The Federal Motor Carrier Safety Administration recently announced that it is changing the process for performing compliance reviews. Specifically, they referred to expanded interviews with members within the organization. (The truth is, they have been doing this for a while, but recently completed all the training and therefore made the announcement.)
Does this mean that compliance reviews have changed?
Yes and no. FMCSA had already trended from full reviews to focused reviews. However, there are some things that we are seeing with regards to compliance reviews. From our perspective, here are five items that we are seeing:
1. Many reviews are occurring due to complaints vs. CSA scores.
Historically, complaints were considered a lower priority by FMCSA in deciding to perform a compliance review. CSA scores that had BASICs on alert were the primary determining factor for a compliance review. However, recently the complaints are taking a much higher priority than previously. There are a couple of reasons for this:
• Driver coercion rule: In 2016, the DOT released the final rule regarding driver coercion (different from harassment, which is tied to electronic logging devices). As a result, most complaints are being treated as if coercion has occurred. Thus, the visit. What is interesting is that little if any cases of coercion are being found. What is happening is during the investigation the inspector is “discovering” issues that now result in a compliance review being performed while the inspector is at that location. We have seen several carriers who have no scores on alert (in fact have “best in class” scores) in CSA BASICs, but are now receiving a focused review (usually hours of service – but not always), which is resulting in a “conditional” rating along with a fine.
• Ease of filing a complaint: FMCSA has made it very easy for someone to file a complaint. Previously the complainant was requested to put something in writing and send in to the FMCSA. Now the complainant can just go through the FMCSA website and to enter the complaint.
2. Hours of service, in particular false logs, is still the most common violation.
We are still seeing that hours of service is the most common area where violations are occurring during these focused reviews; primarily falsification.
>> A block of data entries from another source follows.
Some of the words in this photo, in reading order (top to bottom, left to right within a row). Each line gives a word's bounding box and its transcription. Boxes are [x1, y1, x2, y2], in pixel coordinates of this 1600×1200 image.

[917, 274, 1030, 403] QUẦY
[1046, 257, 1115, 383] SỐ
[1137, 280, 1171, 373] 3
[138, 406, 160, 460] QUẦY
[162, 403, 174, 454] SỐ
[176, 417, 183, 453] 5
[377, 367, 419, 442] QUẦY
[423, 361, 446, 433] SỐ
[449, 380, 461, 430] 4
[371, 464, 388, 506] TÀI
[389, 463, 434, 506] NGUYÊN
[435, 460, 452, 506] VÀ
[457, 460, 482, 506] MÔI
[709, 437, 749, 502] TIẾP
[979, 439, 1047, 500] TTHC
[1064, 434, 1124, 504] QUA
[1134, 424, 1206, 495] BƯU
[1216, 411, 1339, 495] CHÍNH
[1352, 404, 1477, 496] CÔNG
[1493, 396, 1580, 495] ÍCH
Carriers need to make sure they are cross referencing time (not just date) documents with the driver’s logs. These documents could include fuel (from fuel reports not paper receipts), tolls, reimbursement receipts, etc.
3. The DVIR process has now popped up as an easy target
Before December 2015, it was more difficult for an inspector or auditor to be able to make a case with regards to driver vehicle inspectino reports. With drivers turning in a DVIR daily and the requirement of finding a pattern of 10% (critical) in order to make a case that would result in a fine, it was very difficult and time-consuming for the inspector to gather enough information. However, with the new rule of only filling out a DVIR when a defect has occurred, it is much easier to make a case. Throw out all the clean ones and what do you have left?
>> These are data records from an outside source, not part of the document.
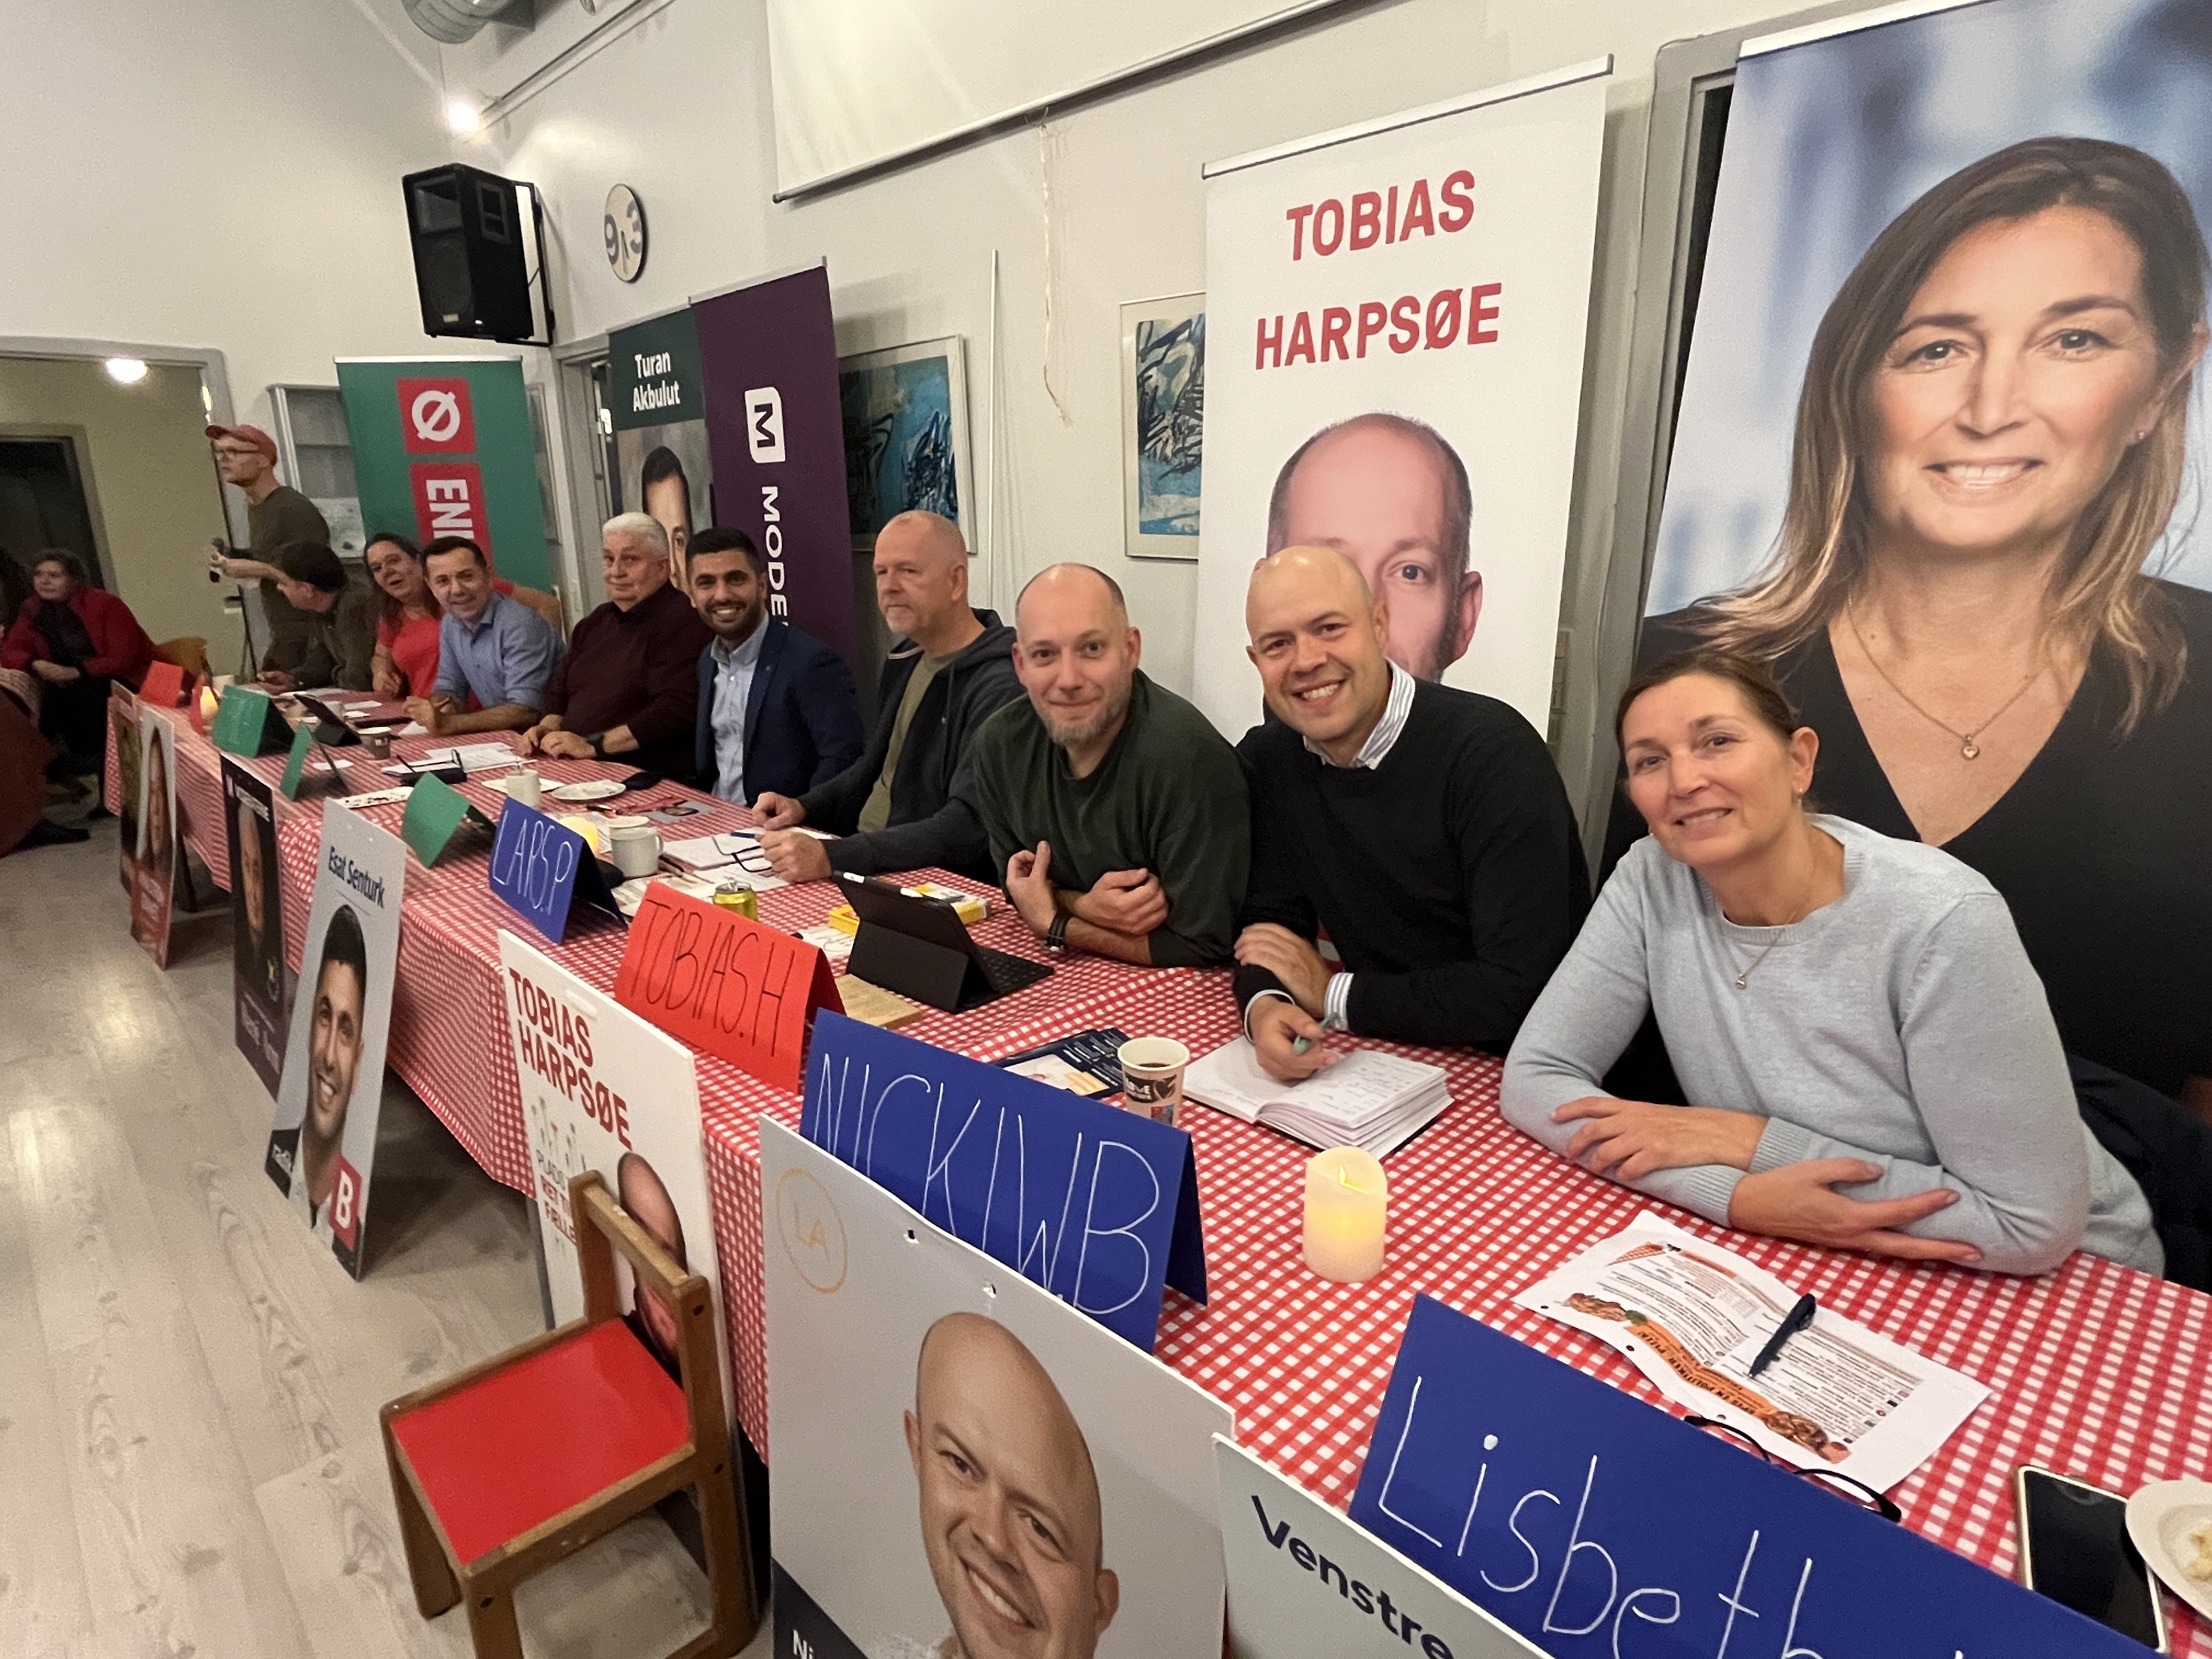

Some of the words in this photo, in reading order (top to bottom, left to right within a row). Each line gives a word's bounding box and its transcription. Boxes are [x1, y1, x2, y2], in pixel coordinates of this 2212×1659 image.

[604, 213, 619, 265] 9
[1286, 170, 1476, 261] TOBIAS
[1255, 282, 1502, 370] HARPSØE
[634, 352, 671, 379] Turan
[411, 390, 460, 442] Ø
[633, 380, 680, 412] Akbulut
[754, 403, 775, 449] M
[761, 486, 788, 627] MODE
[329, 845, 347, 881] Esat
[509, 967, 594, 1068] TOBIAS
[518, 1019, 633, 1151] HARPSØE
[335, 1169, 354, 1229] B
[1251, 1495, 1455, 1659] Venstre
So inspectors are using roadside inspections that had maintenance issues listed and asking for the DVIR that corresponds with that date. No DVIR or an issue not listed? That’s one. Now you need at a minimum of 10 to make up for that one. Other items that could be used against a DVIR would include breakdown reports filled out by the driver and given to the shop for repairs, and maintenance records that show multiple items that it would be obvious the driver should have been aware.
We recommend carriers to (at a minimum) do the following:
- Cross reference roadside inspections that have maintenance issues listed with the drivers DVIR.
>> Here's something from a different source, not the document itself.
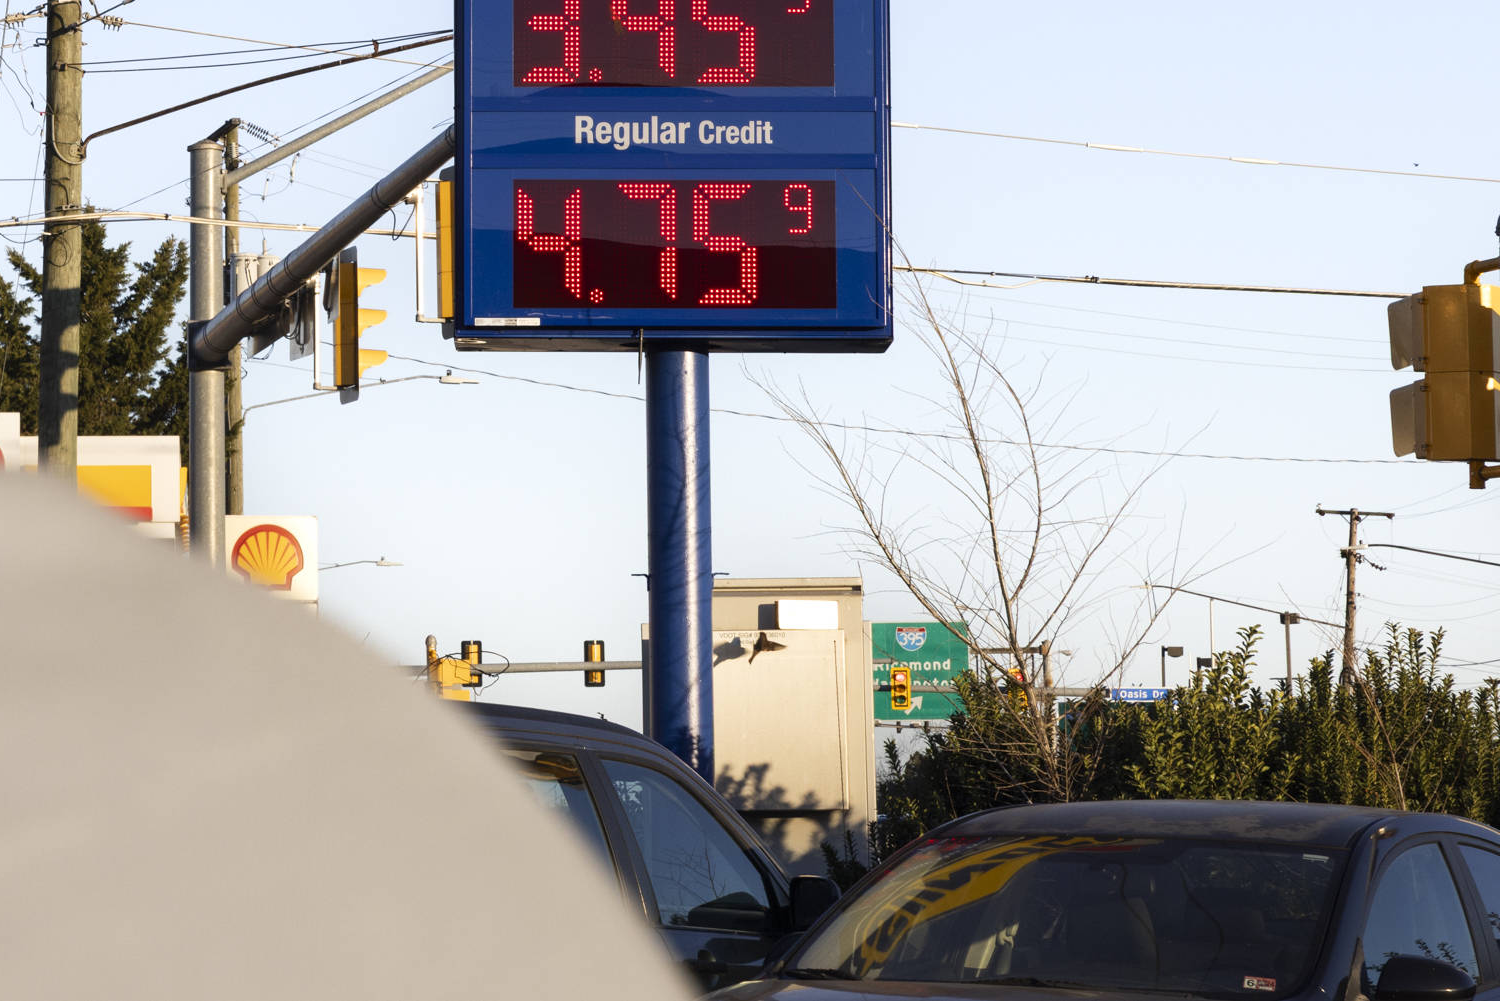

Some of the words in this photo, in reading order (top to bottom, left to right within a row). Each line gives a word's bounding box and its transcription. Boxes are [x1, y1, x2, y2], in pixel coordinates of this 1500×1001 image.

- Look at your internal processes to see how drivers are communicating to the shop when repairs are needed and cross reference with the driver’s DVIR.
- Train the shop to report when they see or perform repairs that should have been seen by the driver and compare to the driver’s DVIR.
4. Changes to the medical card verification process are causing compliance concerns.
The “grace” period is over. If you are not verifying the physician's license via the national registry and/or not running a CDLIS report, you will be a target.
There has been an interesting battle as to when a report from a system vs. a CDLIS report is acceptable. We recommend the carrier run the new CDLIS report, but there has been an interpretation that says if “all” the required information is on a report, you can use that instead – the issue being “all the required information.”
5. Drivers operating with suspended or invalid CDLs.
It only takes a few of these violations to get a BASIC on alert status in CSA. You need to make sure that you have an internal process to monitor and make sure driver’s licenses are not being suspended. (Don’t count on the driver.)
Not updating medical information is a suspension. Many states are not communicating back and forth on suspended licenses too.
Donald G. Jerrell, CDS, is principal and senior risk advisor for HNI Risk Services, a non traditional insurance and safety consulting firm. This article was authored under the guidance and editorial standards of HDT's editors to provide useful information to our readers.